Travel Reference
In-Depth Information
Fifteenth Arrondissement (15 e )
The largest arrondissement with the highest population in
Paris, the 15th arrondissement is a comfortable middle-class
community. Located southwest, it stretches north to the
subdued 7 e , east to Montparnasse and south to the périphérique .
Until recently the province of chemical factories, metallurgies
and gasworks, the 15 e has few tourist attractions, save perhaps
for some offbeat museums and the lovely, futuristic Parc
André Citroën.

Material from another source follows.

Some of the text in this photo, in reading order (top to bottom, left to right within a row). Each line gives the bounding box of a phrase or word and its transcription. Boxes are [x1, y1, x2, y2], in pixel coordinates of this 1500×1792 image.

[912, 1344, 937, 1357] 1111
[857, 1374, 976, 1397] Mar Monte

It is the locals who dominate: young Parisian
families, middle-level professionals and retired persons,
many of whom come for the reasonable rents and the family
atmosphere. Prices here are moderate in comparison to other
areas on the Left Bank or in the 16 e , just across the Seine.
Apartment blocks built in the 1960s and 1970s dominate
in an area along the river called Front de Seine, with an
elevated, landscaped walkway connecting the buildings.

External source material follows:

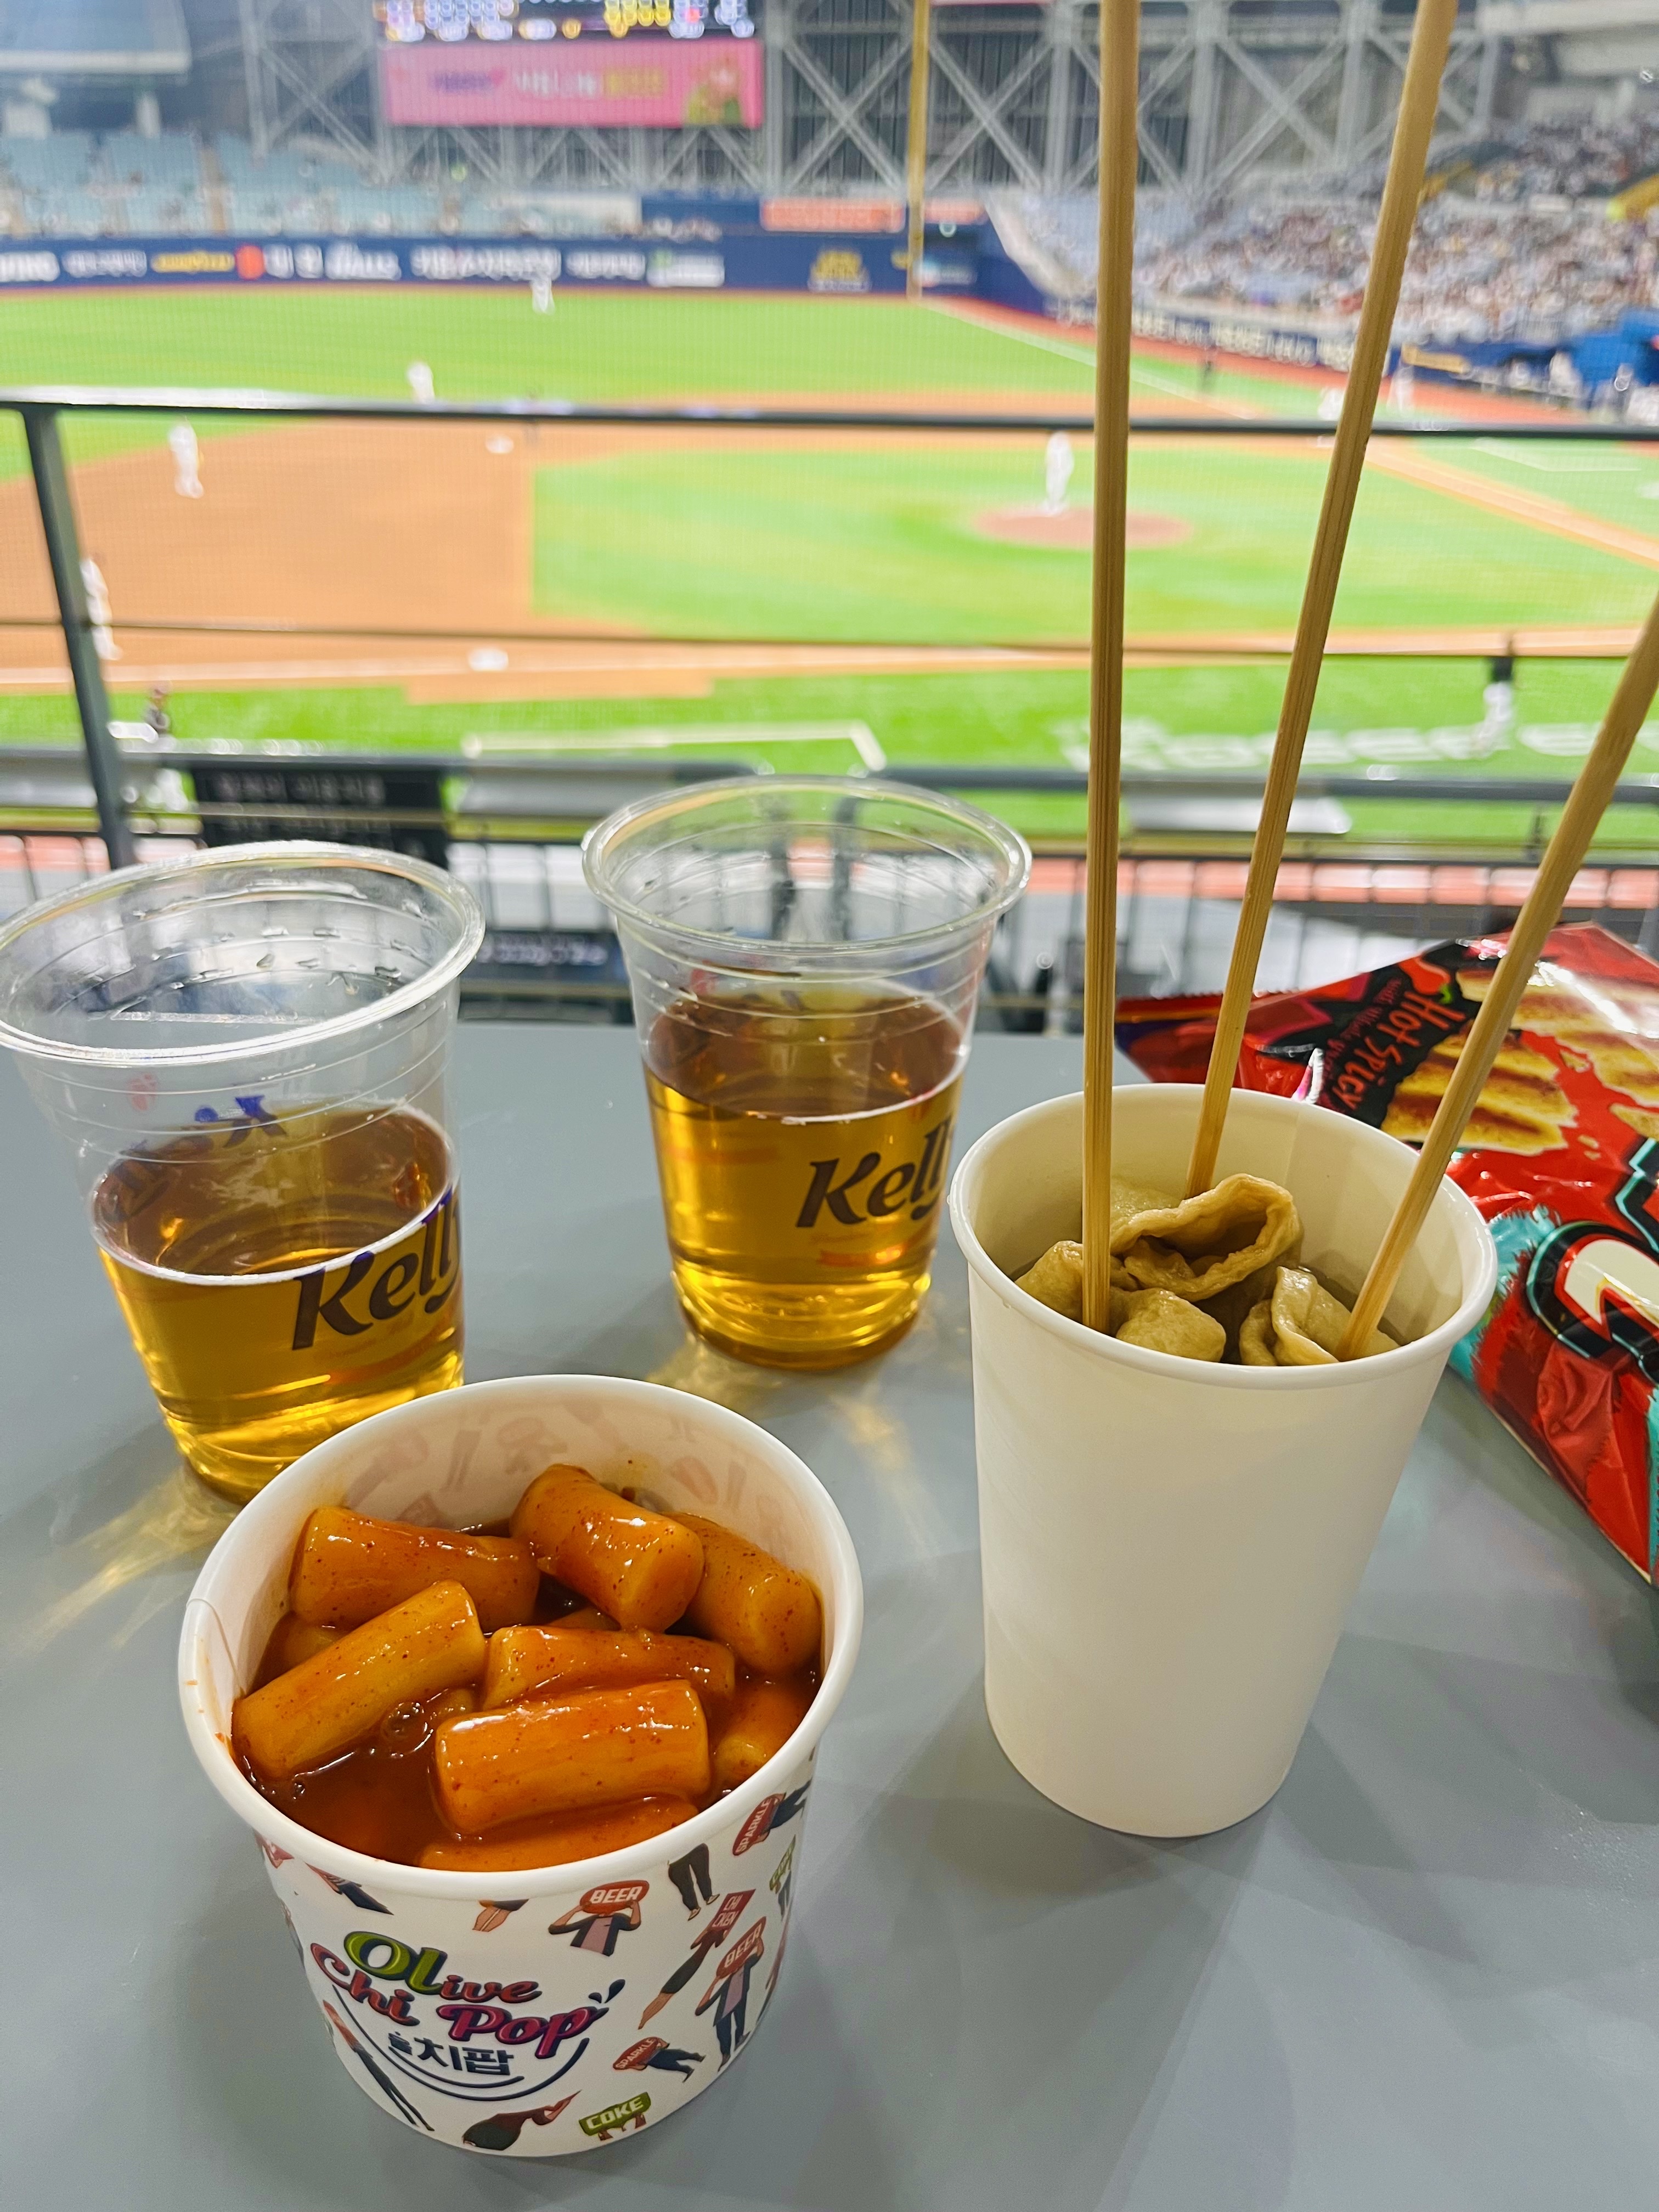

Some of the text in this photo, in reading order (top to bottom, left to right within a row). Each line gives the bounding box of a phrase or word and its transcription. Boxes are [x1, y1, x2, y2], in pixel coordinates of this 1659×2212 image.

Here children play in the evenings while their parents chat
on benches close by. On rue Linois is the multi-level Centre
Beaugrenelle, a shopping mall, but just a few streets away,
at Place Saint-Charles, modernity gives way to graceful Belle
Epoque buildings and various services catering to a middle-
class French population.
Further down the river, the 14-hectare Parc André
Citroën, a beautifully designed green space built with much
imagination on the site of a former automobile plant, adds
to the revitalisation of the area. Citroën-Cévennes is a
residential quartier surrounding the revamped rue Balard,
with both modern housing and refurbished old apartments.
This revitalisation will only increase now that the large,
ultramodern Hôpital Européen Georges Pompidou is open
after years of construction.
Elsewhere, little communities hold their own. The
commercial rue du Commerce, with its shuttered houses,
barely looks any different from how it might have been 50
years ago, especially around Place Etienne-Pernet. Here are
inexpensive restaurants, neighbourhood shops and the Place
du Commerce, a pleasant, leafy square. Past rue Lecourbe, the
streets around rue de Vaugirard and rue de la Convention are
popular for their comfortable, middle-class ambiance.